In a recently published book—The Truth About Us: The Politics of Information from Manu to Modi—I offer a narrative of how India’s social “truths” were made up over the last two centuries, an explanation for why the narrative has taken the shape it has, and its political and social consequences. Abstracted from the book, here I outline the key to the explanation—the politics of information.
The initial proposition is that the “truth” about any society is created with building blocks of “information.” The accumulation and organization of information becomes “the truth.” The crucial questions are: What is information? How is it generated? What is accepted as correct information, by whom, and why? These weighty questions form the core of the politics of information, which involve the choices made by people with power on what is considered information (and what is not), categorization of that information into groups, counting to fill categories, and communication to those who have been categorized. Each of these choices is crucial, categorization being the most consequential. Each choice at each step leads down a different path to a different social condition.
India’s present distribution of social identity—that is, its distribution of religions, castes, and tribes—is the outcome of a series of choices made at different points in time by people with the power to choose. Much of what passes for social truth in India is not objective at all, but subjective; it was created to simplify complexity and serve the interests of those who made up the truths.
Three fundamental variables shape the politics of information: power, technology, and simplification.
First: Power is the key. Who has it, how much does he have, how effectively can he establish his choice as reality, what does he already know and believe when he makes a choice, what does he want to achieve with his choice, what is his interest? “Information is power” is a cliché, but true power is the ability to decide what information is and to categorize and name it.

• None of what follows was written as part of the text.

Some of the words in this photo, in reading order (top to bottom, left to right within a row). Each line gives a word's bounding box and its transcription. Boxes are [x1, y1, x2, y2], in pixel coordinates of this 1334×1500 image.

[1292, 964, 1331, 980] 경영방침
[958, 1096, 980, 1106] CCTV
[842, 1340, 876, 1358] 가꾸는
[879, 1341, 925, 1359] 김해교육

Every label—from race to nationality, from criminality to mental ability—is an outcome of choices made by people with power for control and domination over those they have labelled.
For example, to categorize India’s “tribal” population as Hindu is a choice—not made by the “tribals” themselves, but by others with the power to create categories—that has led to a specific social formation, the one we inhabit. Consider how problematic this is. If caste is an omnipresent and central feature of Hindu society (as it is widely believed to be), how did Adivasis, the so-called “tribes” of India, become Hindu? When India’s “tribes” were placed inside the category “Hindu” in the late nineteenth and early twentieth century, there were no Brahmans or Kshatriyas among them, nor “outcastes.” Sanskrit, supposedly the link language of Hinduism, had no presence in their societies. They worshipped different entities, had different relations between genders, and ate different things. What, then, made them Hindu?

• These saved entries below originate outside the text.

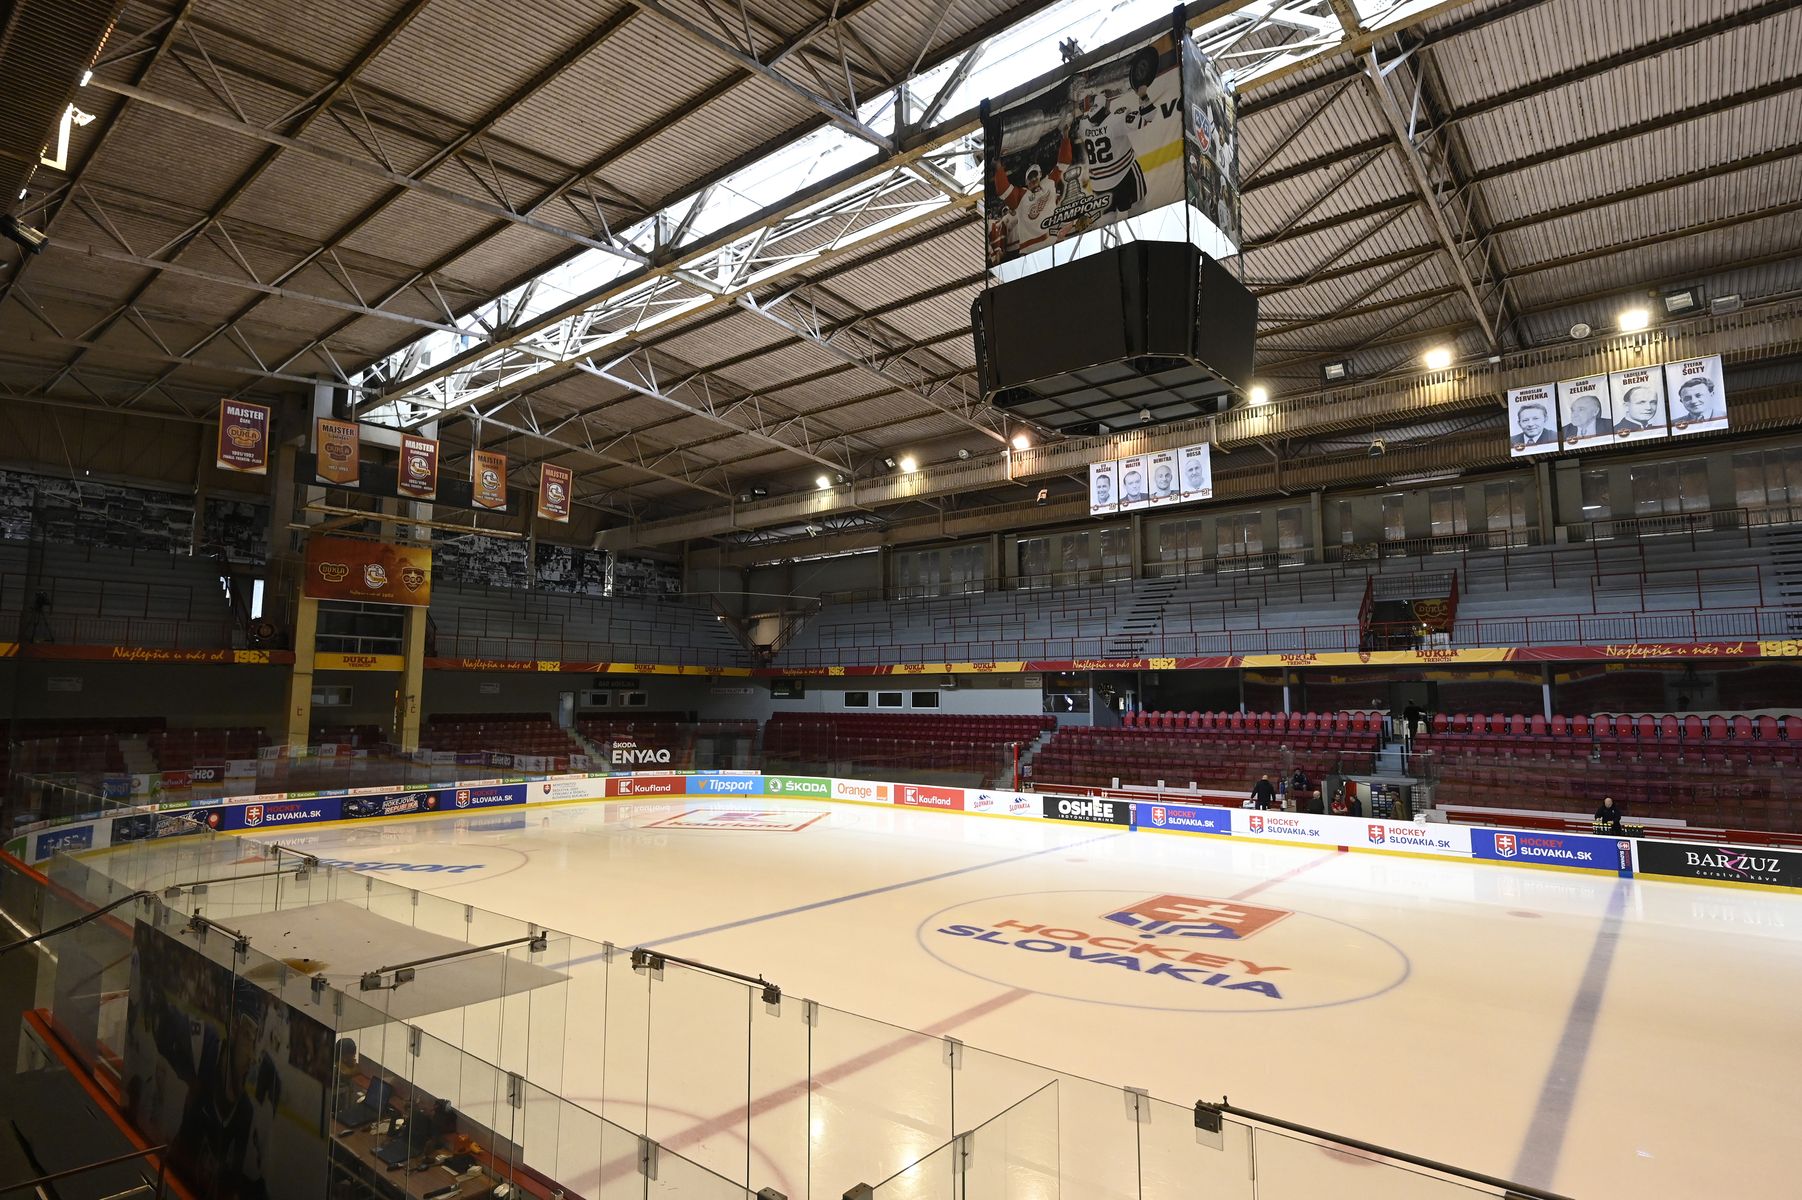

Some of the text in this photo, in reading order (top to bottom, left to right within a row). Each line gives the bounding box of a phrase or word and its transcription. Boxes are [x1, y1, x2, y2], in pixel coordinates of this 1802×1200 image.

[1085, 136, 1113, 164] 82
[1054, 195, 1094, 214] STANLEY CUP
[1041, 195, 1109, 229] CHAMPIONS
[1569, 384, 1596, 394] ZELENAY
[1515, 392, 1548, 402] ČERVENKA
[227, 406, 264, 421] MAJSTER
[231, 429, 257, 439] DUKLA
[322, 424, 354, 436] MAJSTER
[405, 440, 434, 453] MAJSTER
[477, 454, 503, 464] MAJSTER
[545, 468, 569, 480] MAJSTER
[112, 647, 170, 661] Najlepšia
[174, 651, 182, 659] u
[186, 650, 206, 660] nás
[211, 650, 224, 660] od
[1416, 649, 1459, 657] DUKLA
[1606, 644, 1672, 659] Najlepšia
[1691, 645, 1719, 654] nás
[1726, 642, 1744, 654] od
[1280, 653, 1317, 661] DUKLA
[463, 659, 498, 670] Najlepšia
[523, 660, 532, 669] od
[537, 660, 560, 671] 1962
[1072, 659, 1106, 670] Najlepšia
[1133, 659, 1142, 668] od
[1148, 658, 1176, 670] 1962
[828, 666, 845, 676] 1962
[612, 749, 671, 764] ENYAQ
[634, 784, 671, 792] Kaufland
[710, 780, 754, 792] Tipsport
[785, 780, 828, 793] ŠKODA
[837, 783, 872, 798] Orange
[472, 794, 513, 804] SLOVAKIA.SK
[918, 795, 951, 806] Kaufland
[1009, 803, 1030, 812] SLOVAKIA
[1058, 799, 1114, 819] OSHEE
[1168, 809, 1196, 818] HOCKEY
[266, 810, 321, 822] SLOVAKIA.SK
[1168, 817, 1214, 828] SLOVAKIA.SK
[1267, 818, 1299, 827] HOCKEY
[1267, 826, 1320, 837] SLOVAKIA.SK
[1389, 828, 1426, 837] HOCKEY
[1390, 836, 1450, 848] SLOVAKIA.SK
[1520, 837, 1563, 848] HOCKEY
[1520, 846, 1592, 860] SLOVAKIA.SK
[1696, 870, 1740, 879] čerstvá
[992, 919, 1291, 976] HOCKEY
[937, 924, 1283, 999] SLOVAKIA

What, for that matter, does “tribal” mean anyway? Or “caste?” Or “outcaste?” Or “sub-caste?” Who created these categories? Who made these choices and decisions? When did it happen and why? How did these choices become acceptable? How did they begin to apply all over India? Were the categorized people ever asked whether they agreed with the labels that had been stuck on them? What are the consequences of accepting these choices and labels? How does one dispute them? These are among the crucial questions on power, information, and categorization that motivate my investigations.
Second: The level of information technology is crucial to the creation, management, and politics of information. Every information choice takes place within a specific technological realm that allows some things to happen and not others. New information technologies expand both the quantity of information and number of people who can access it. They tend to dilute concentrated power (even as they create new social formations and new social problems).

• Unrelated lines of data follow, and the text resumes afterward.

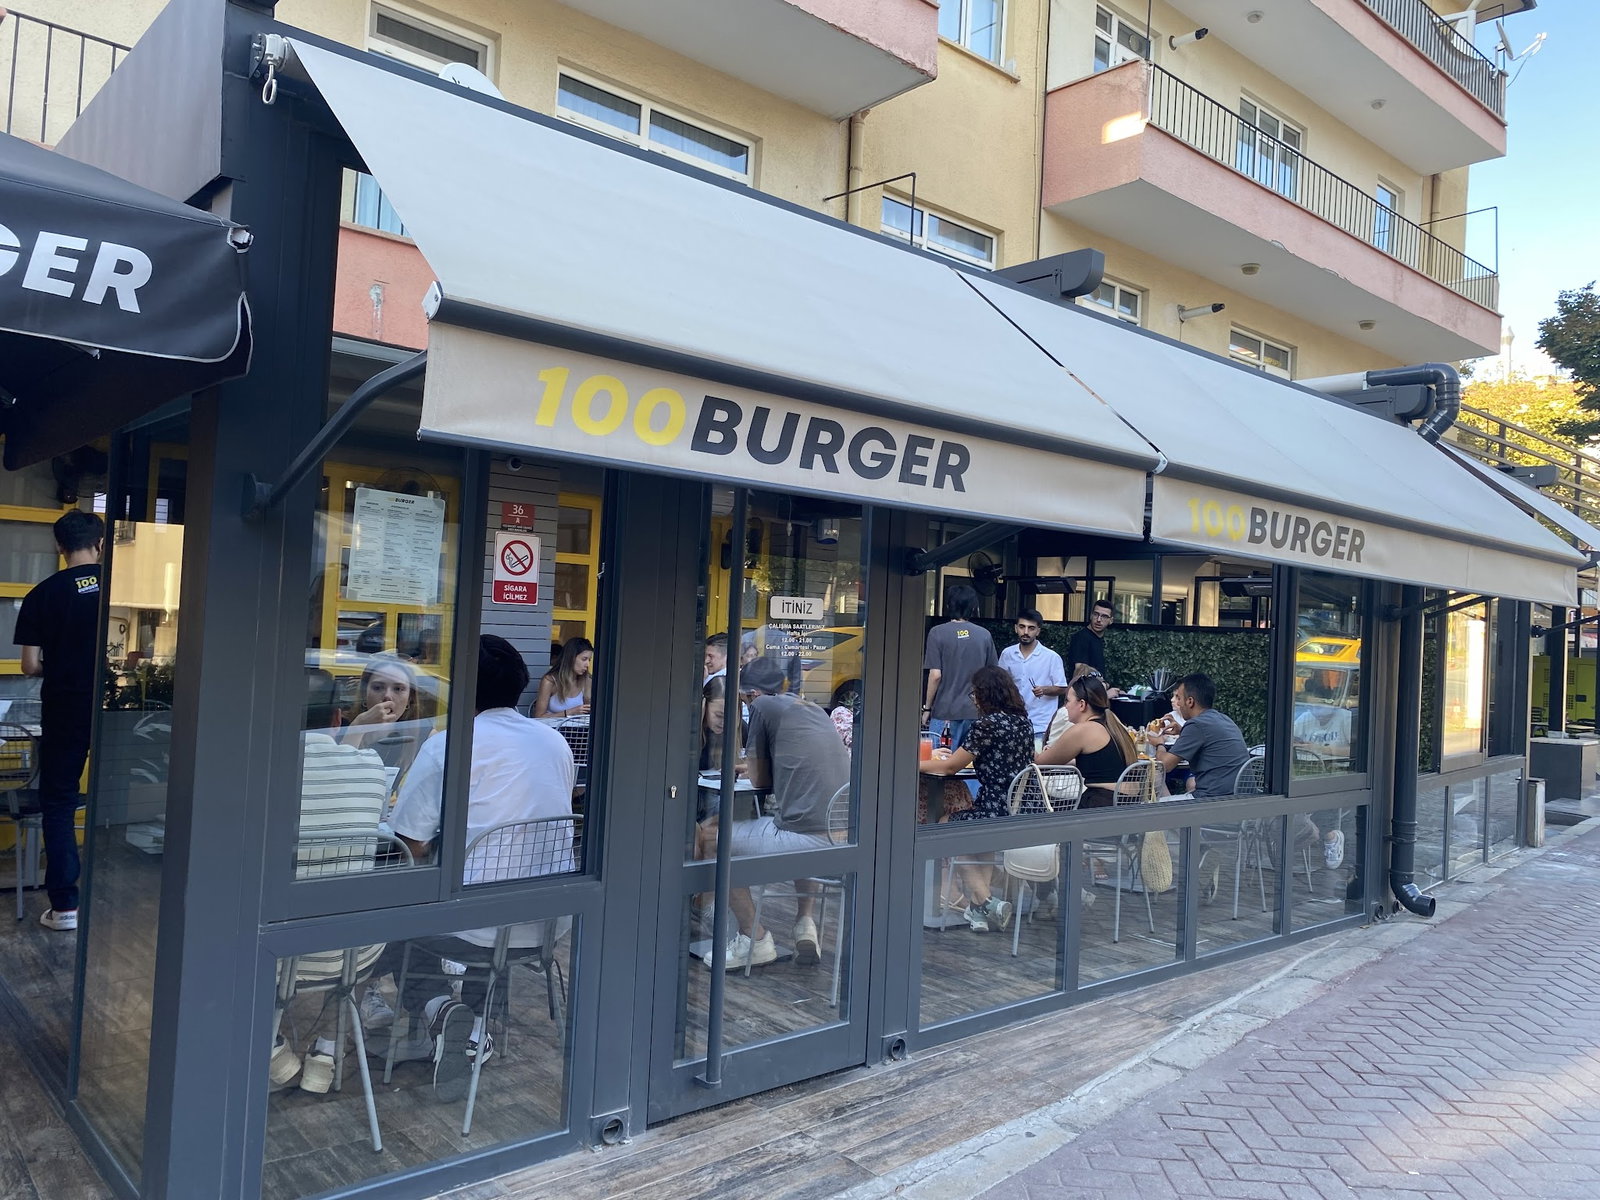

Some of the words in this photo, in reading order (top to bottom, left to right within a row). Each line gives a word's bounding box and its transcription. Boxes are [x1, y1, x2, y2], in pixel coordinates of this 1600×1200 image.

[512, 504, 524, 515] 36
[76, 576, 98, 588] 100
[503, 584, 527, 592] SİGARA
[503, 592, 528, 601] İÇİLMEZ
[782, 600, 812, 614] İTİNİZ

In India, when information existed only in scrolls (as it did when the British took control of the subcontinent), some convenient scrolls and their interpreters became central to the process of constructing information. This, I argue, is how “Hinduism” was made up. But information technology itself has undergone at least two revolutions after the time of the scrolls. First came the printing press, which enabled many more people and groups to create and access information. After the mid-nineteenth century, the printing press became the key to the formation and growth of Indian thought and political organization; it directly led to both major forces in contention: anti-colonial nationalism (of Tilak, Rai, Gandhi, Bose, and Nehru) and Hindu consolidation (of Savarkar, Golwalkar, and Upadhyaya). More recently, in the last quarter century, India and the world have been going through a new information revolution driven by digital and mobile technologies. In this period of abundant information and misinformation, the technology itself—from smart phones to tweets—is key to what people know and believe.
Third: The creation and management of information is guided by what I call the principle of simple information. It is based on the axiom that all people—humans, Indians, everyone, everywhere—prefer simple information over complicated knowledge. The preference for simple information arises from our very human brains, which tend toward “confirmation bias,” “cognitive ease,” “selective recall,” “belief perseverance,” and so on. These well-known ideas are exemplified in the writings of behavioral psychologist Daniel Kahneman.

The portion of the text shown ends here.